The Ontario law is fairly strict when it comes to dog bites. It is the owner of the dog who pays. This leads to some problems. How does the victim prove it was my dog that bit? Unfortunately, it is very difficult to disprove. Worse, the courts appear to side with the victim.

This is why it is important to make sure your home owners insurance will cover dog bites. A small bite can lead to legal compensation worth thousands of dollars. I am unsure whether the $30 001.00 in losses applies to dog bites. It doesn’t appear so.

It doesn’t matter whether you have an assessment or not. If your dog bites someone it becomes a police matter. And yes, there are cases where criminal charges and jail time may be the consequences.

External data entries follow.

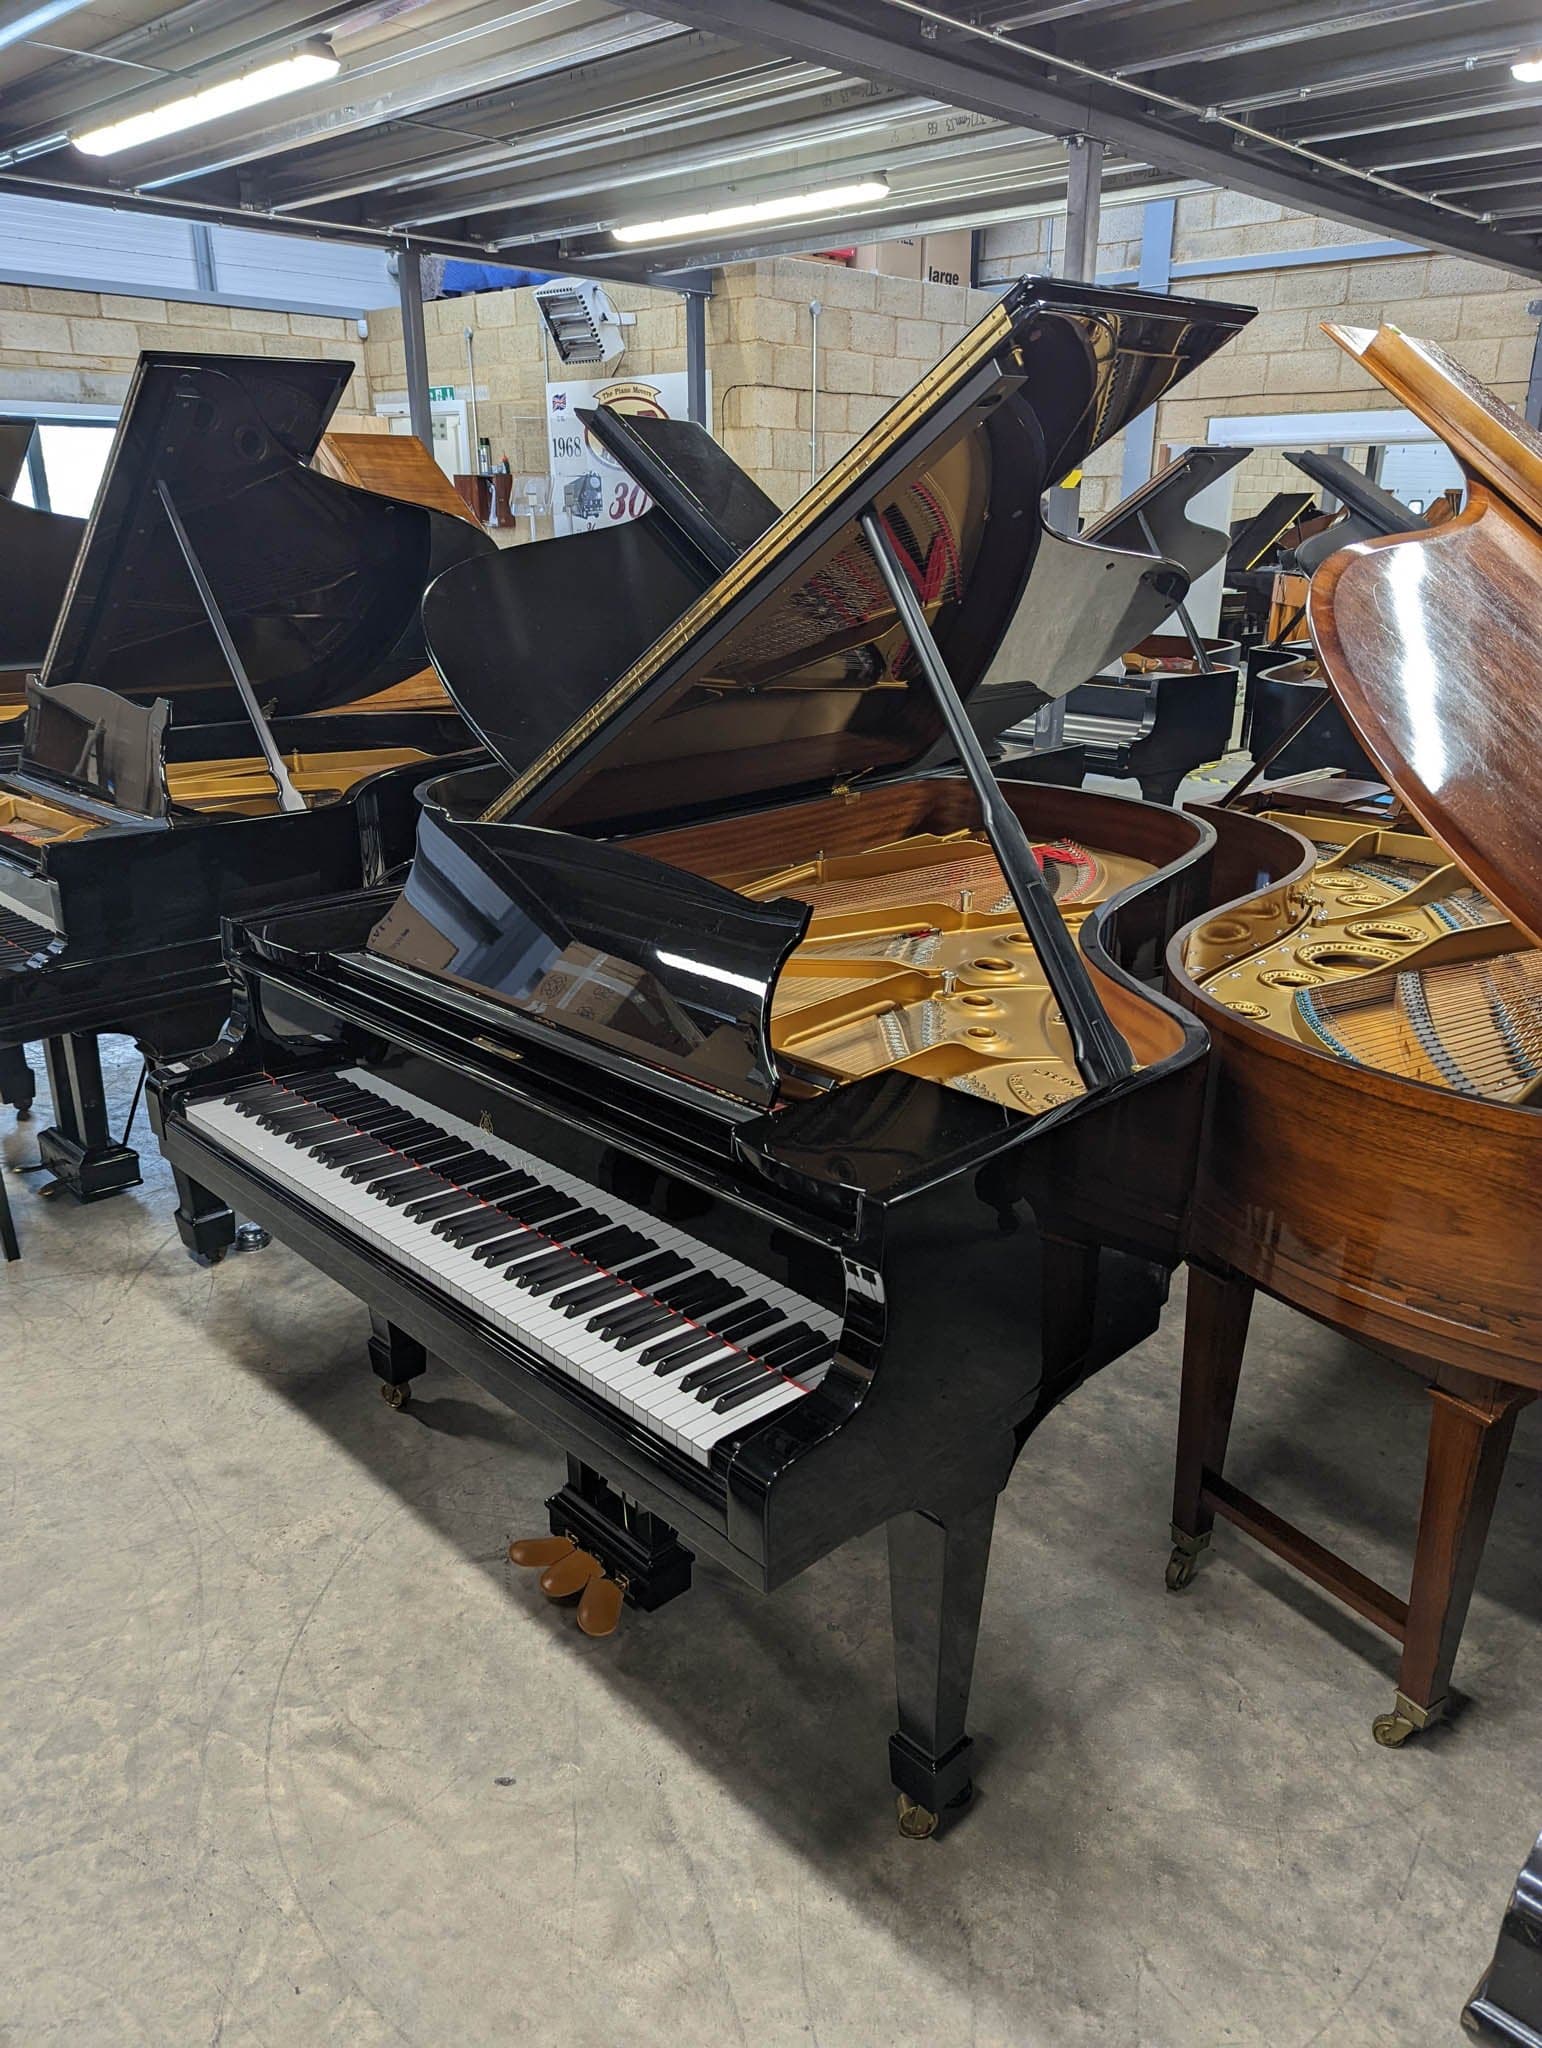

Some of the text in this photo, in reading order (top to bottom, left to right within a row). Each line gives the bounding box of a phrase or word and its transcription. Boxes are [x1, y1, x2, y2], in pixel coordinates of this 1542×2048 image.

[928, 265, 960, 286] large
[602, 386, 652, 399] The Piano Movers
[552, 436, 582, 458] 1968
[609, 482, 648, 520] 30
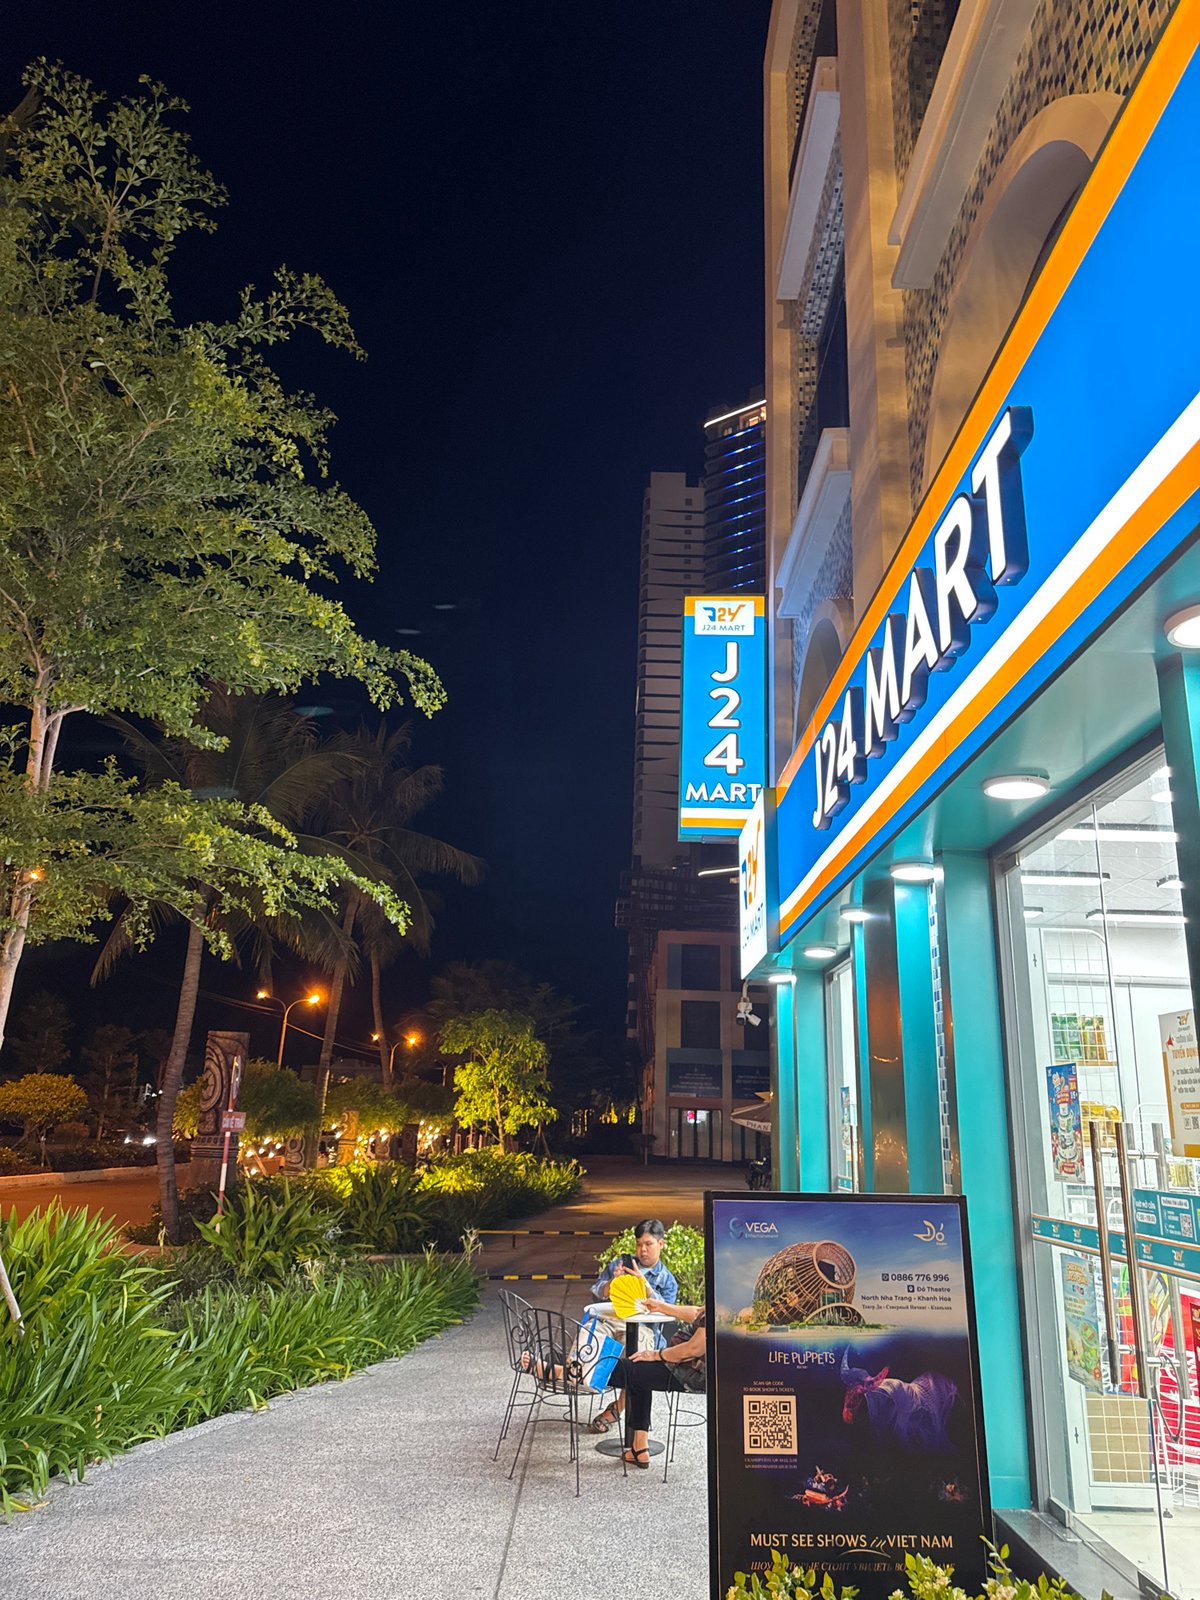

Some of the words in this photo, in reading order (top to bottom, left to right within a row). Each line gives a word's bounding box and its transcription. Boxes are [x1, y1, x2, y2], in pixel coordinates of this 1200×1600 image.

[812, 689, 860, 829] J24
[864, 407, 1014, 758] MART
[702, 624, 717, 632] J24
[719, 624, 746, 632] MART
[685, 782, 762, 803] MART
[745, 1222, 778, 1233] VEGA
[891, 1273, 913, 1281] 0886
[933, 1274, 950, 1282] 996
[895, 1295, 912, 1303] Trang
[768, 1351, 790, 1365] LIFE
[791, 1351, 836, 1365] PUPPETS
[750, 1533, 788, 1547] MUST
[791, 1534, 814, 1547] SEE
[817, 1534, 867, 1548] SHOWS
[870, 1536, 888, 1553] in
[886, 1535, 917, 1548] VIET
[921, 1535, 954, 1548] NAM
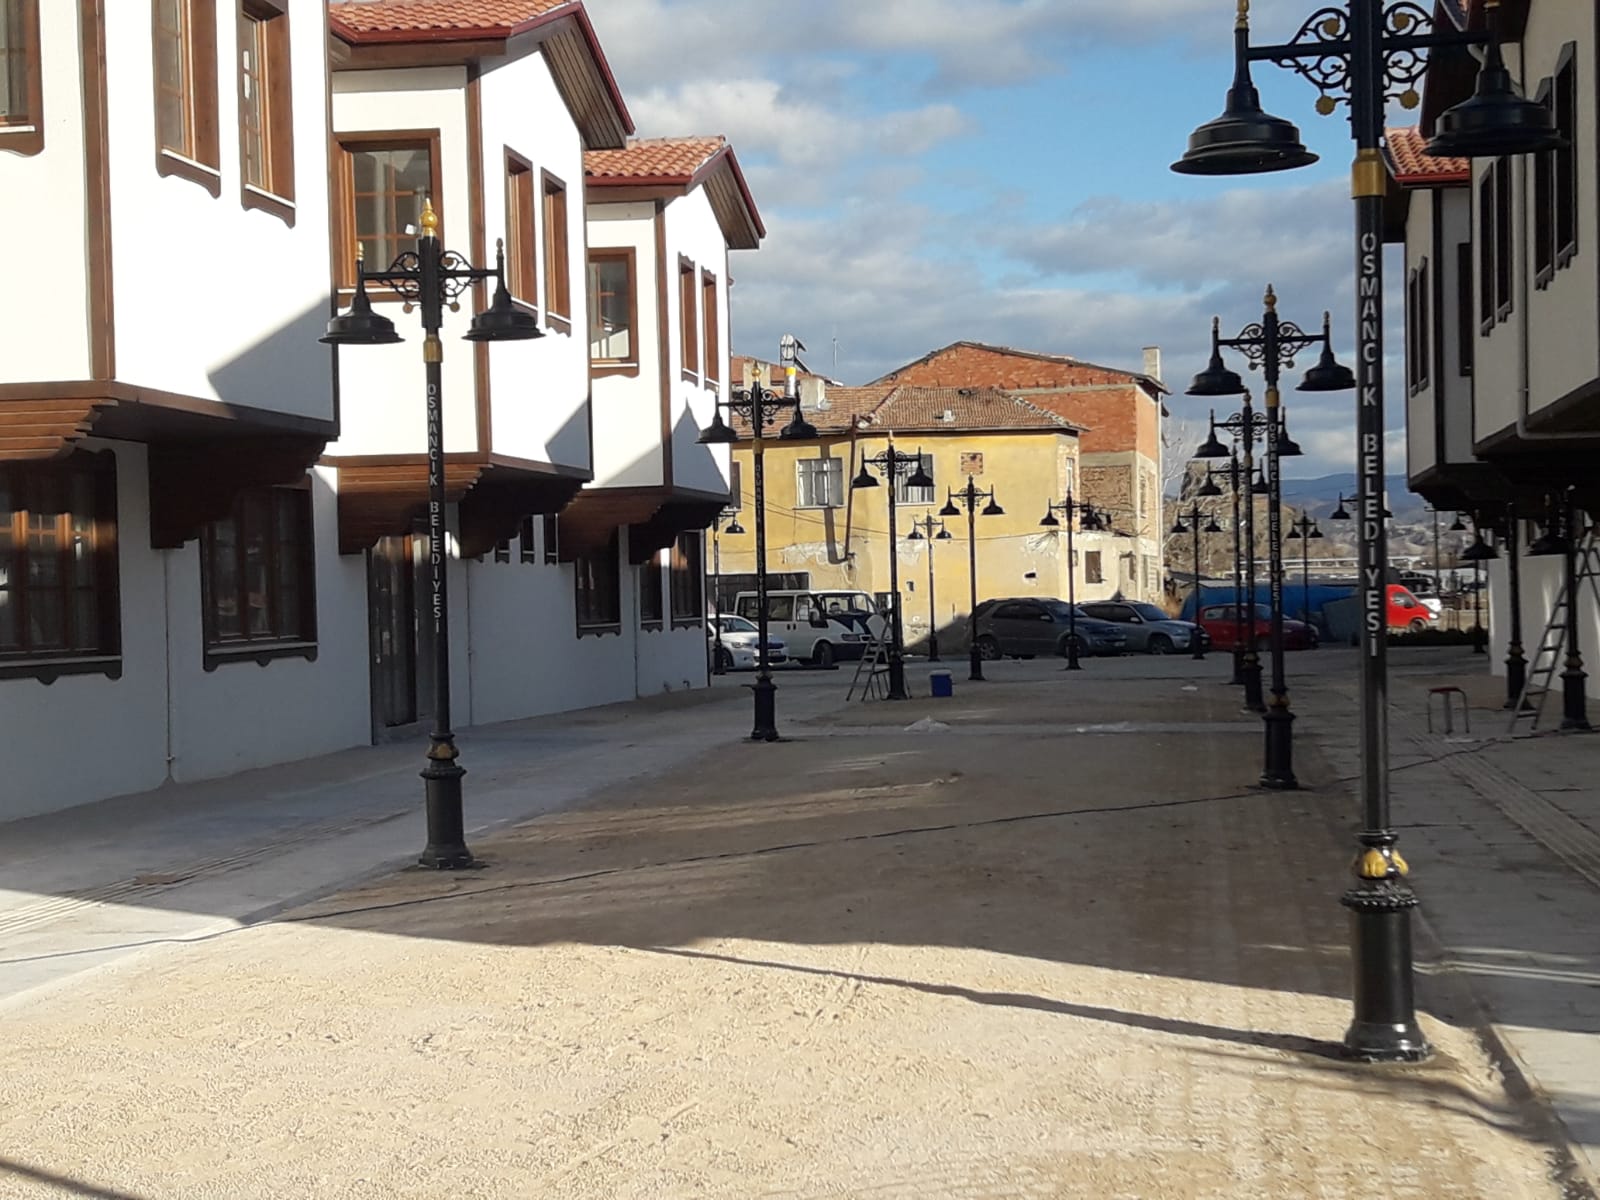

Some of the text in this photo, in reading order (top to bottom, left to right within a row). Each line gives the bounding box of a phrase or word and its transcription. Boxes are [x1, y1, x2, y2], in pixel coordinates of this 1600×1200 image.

[427, 384, 439, 486] OSMANCIK
[1268, 423, 1278, 500] OSMANCIK
[1360, 232, 1380, 657] OSMANCIK BELEDİYESİ
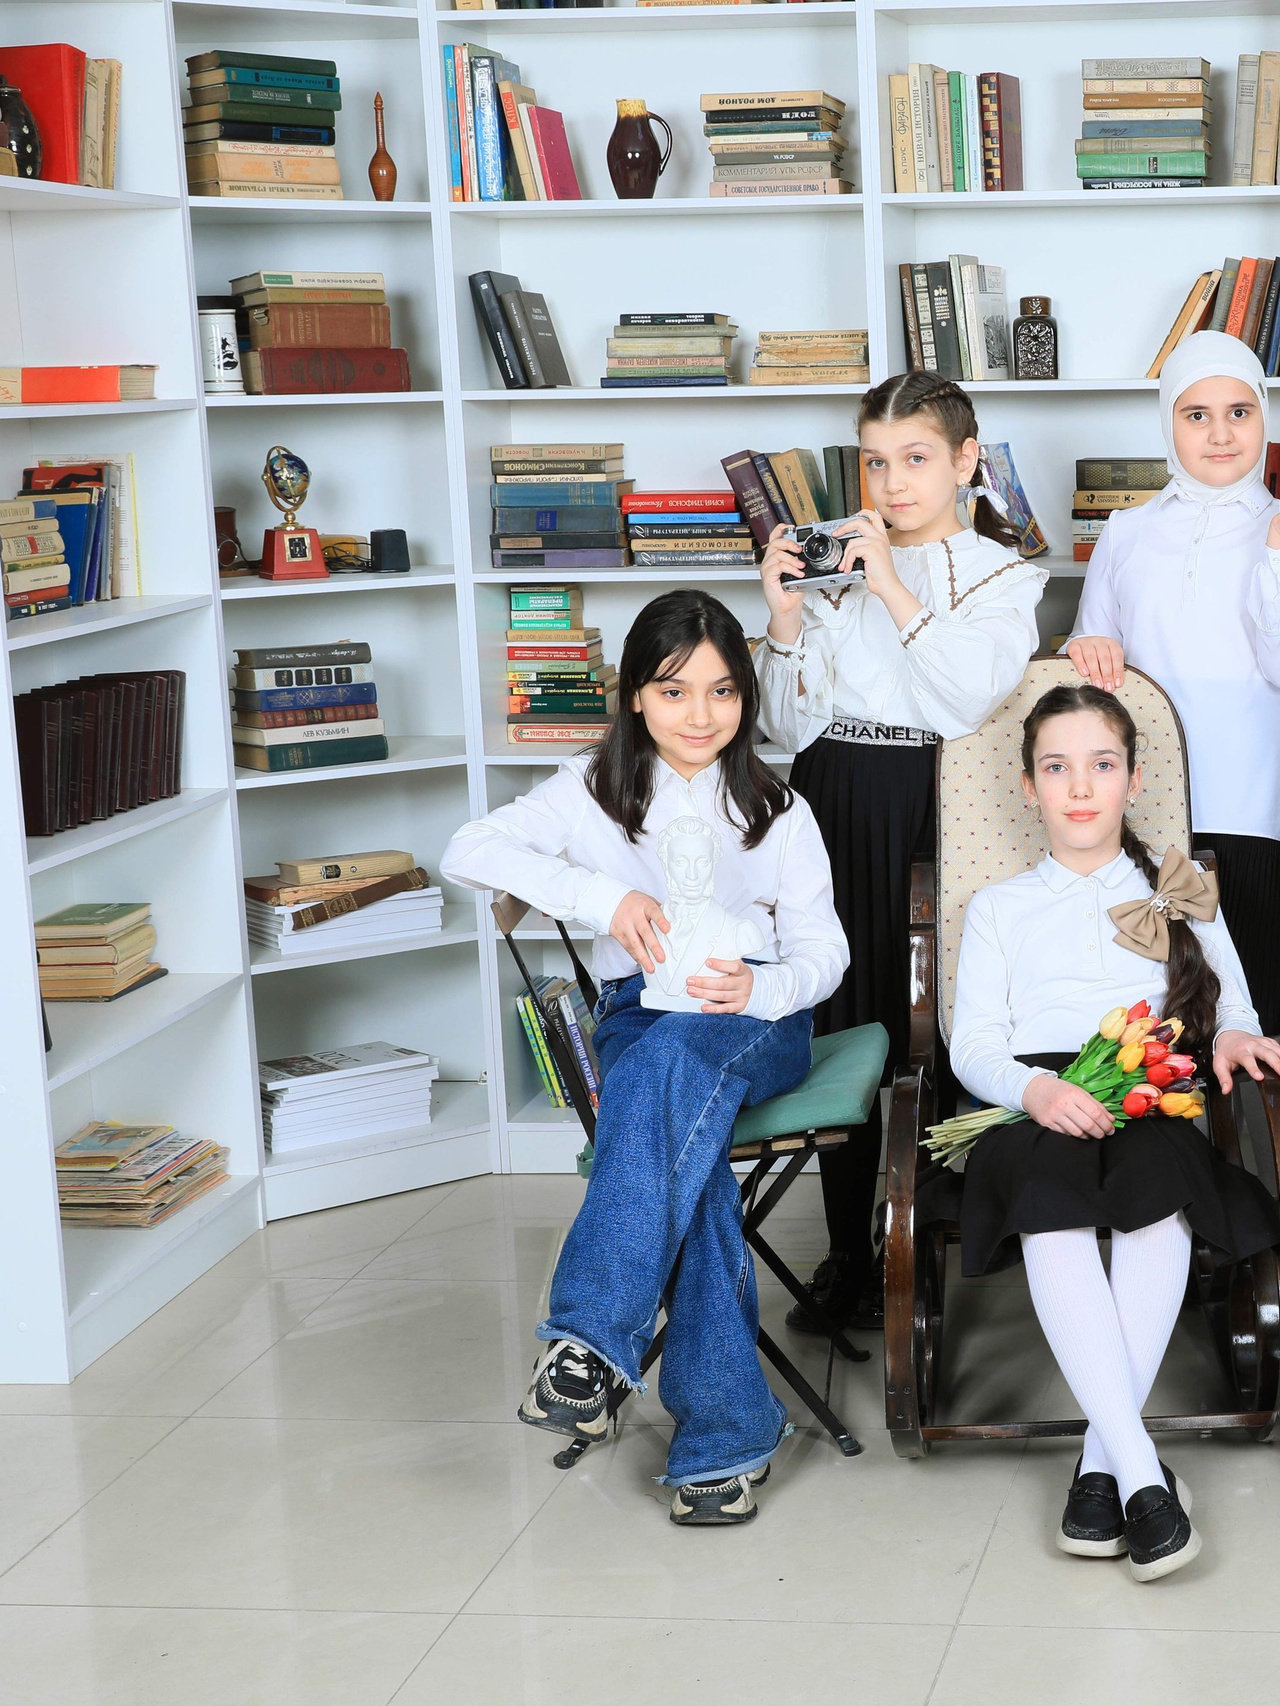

The only exception appears to be if your dog is guarding you, or your property. But even there is a catch. The ‘use of force’ must not be excessive. For example, do not let 3 mastiffs attack someone breaking into your garage.

Dog Biting Dog

A dog is seen as property in Ontario. So if your dog bites another dog then you are liable for all expenses.

Why Dogs Bite

33% of all dog bites are attributed to dog pain. Do not overlook an uneven gait. If your dog is acting stiff or sore then see a vet. Developmental stages can also play a part. But one thing I notice is that many dogs are forced to go on walks when it is not pleasant for the dog. If your dog doesn’t want to go for a walk then drive it to the park and play fetch.

My second rule of thumb is ‘dogs and kids don’t mix’.  Most dog bites in Canada are children.

Injuries associated with dog bites and dog attacks were sustained most frequently by 5-9 year olds (28.5%). Of all injuries related to dog bites and dog attacks, 57.9% were to males. Injuries occurred most often in the summer, 37.7%, and most frequently between the hours of 4 and 8 p.m., (32.7%). Most injuries occurred at the victim’s own home, 34.2% or other home, 30.3%. The majority of injuries occurred when the patient had no direct interaction with the dog, 28.9%. Injuries that required advice only or minor treatment accounted for 57.9% of patients, while 36.8% of patients needed medical follow-up after leaving the emergency department and 4.5% were admitted to hospital. Overall, the most frequent types of injury were bites, 73.1%, and the body part most often affected was the face, 40.5%. (Public Health Canada)

Pet Owner Responsibility

The fact is simple. Dog bites leave lasting scars, inside and out. Be a responsible pet owner and take some precautions:

  1. Do not force your dog to endure petting from strangers
  2. Do not force your dog to engage with other dogs
  3. Do not play off leash in a public area
  4. Do not assume that strangers will welcome your dog’s presence
  5. Never leave a dog alone with a child. Dogs are not toys. Do not let children maul or play with them.
  6. Do not assume that a stranger will not provoke your dog
  7. Make sure you have used prudent care when securing your dog and protecting the public
  8. Only use equipment made for dogs. A horse stable, garage, or chain are not made to be dog proof.
  9. Do not let your dog run to the door and bark. Teach it self-control. Teach it to go to a mat and wait when you are talking to someone at the door. This includes not letting your dog rush at people barking. Teach an out command
  10. Learn to identify your dog’s stress cues and remove him/her from situations they do not want to be in.

My advice to this woman was to contact a veterinary behaviorist who could give the dog medication, and check for any health issues. Then contact a lawyer.

Most important, go to a good dog trainer and teach your dog impulse control, stress/frustration coping skills, and teach your dog ‘not’ to react to stress.